Make a verbatim copy of the records; pictures stay out.

----------

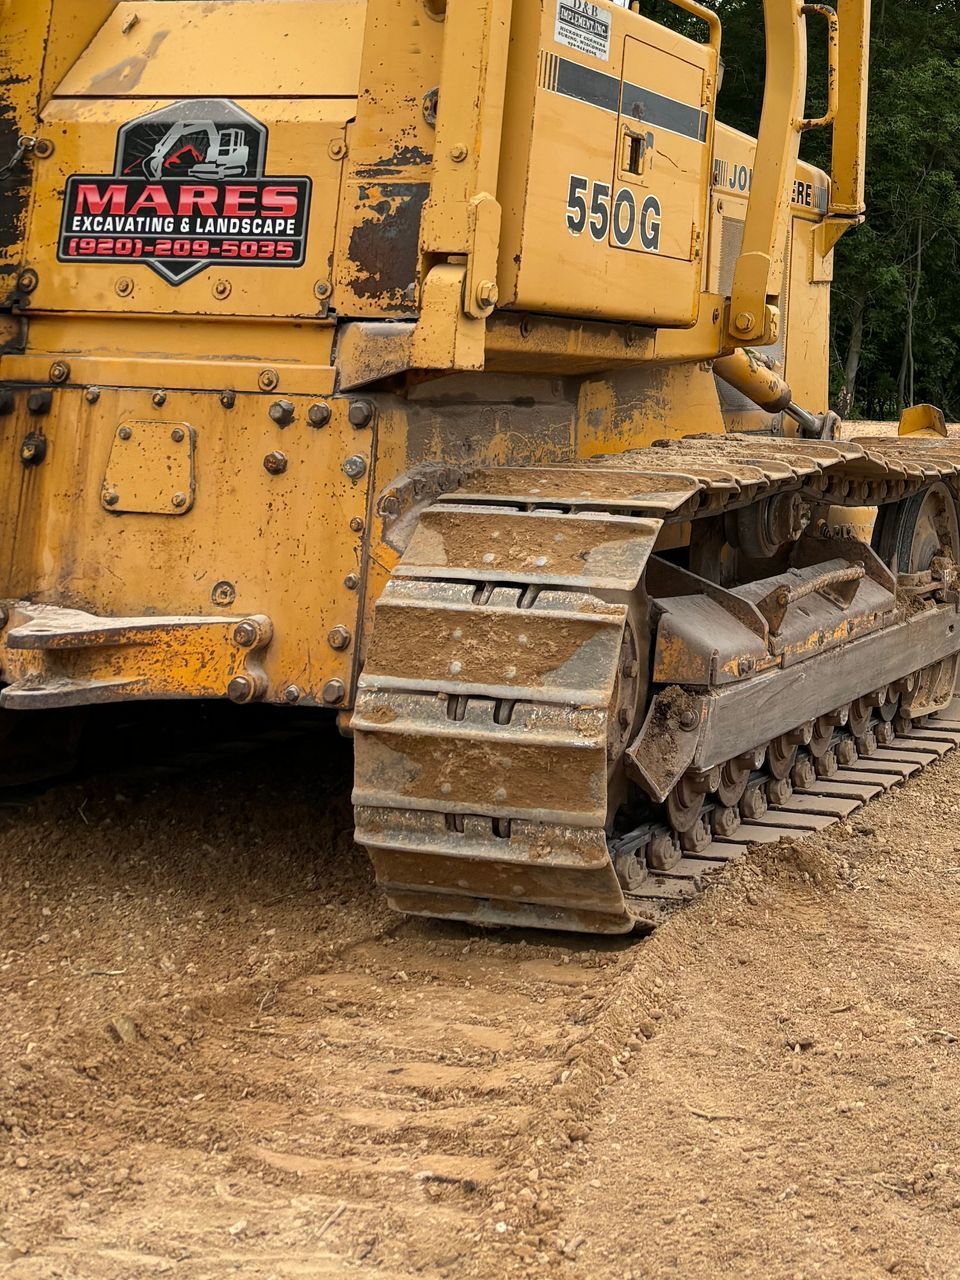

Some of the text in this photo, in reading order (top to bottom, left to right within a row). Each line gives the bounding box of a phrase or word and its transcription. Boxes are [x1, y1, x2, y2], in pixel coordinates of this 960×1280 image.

[729, 164, 753, 193] JO
[74, 183, 299, 218] MARES
[566, 174, 661, 252] 550G
[72, 216, 296, 235] EXCAVATING & LANDSCAPE
[68, 237, 294, 258] (920)-209-5035

----------

* **OUTPUT**
Some of the text in this photo, in reading order (top to bottom, left to right within a row). Each line gives the bounding box of a phrase or word and its transcription. Boxes are [x1, y1, x2, y2], in pixel coordinates of this 960×1280 image.

[729, 164, 753, 193] JO
[74, 183, 299, 218] MARES
[566, 174, 661, 252] 550G
[72, 216, 296, 235] EXCAVATING & LANDSCAPE
[68, 237, 294, 258] (920)-209-5035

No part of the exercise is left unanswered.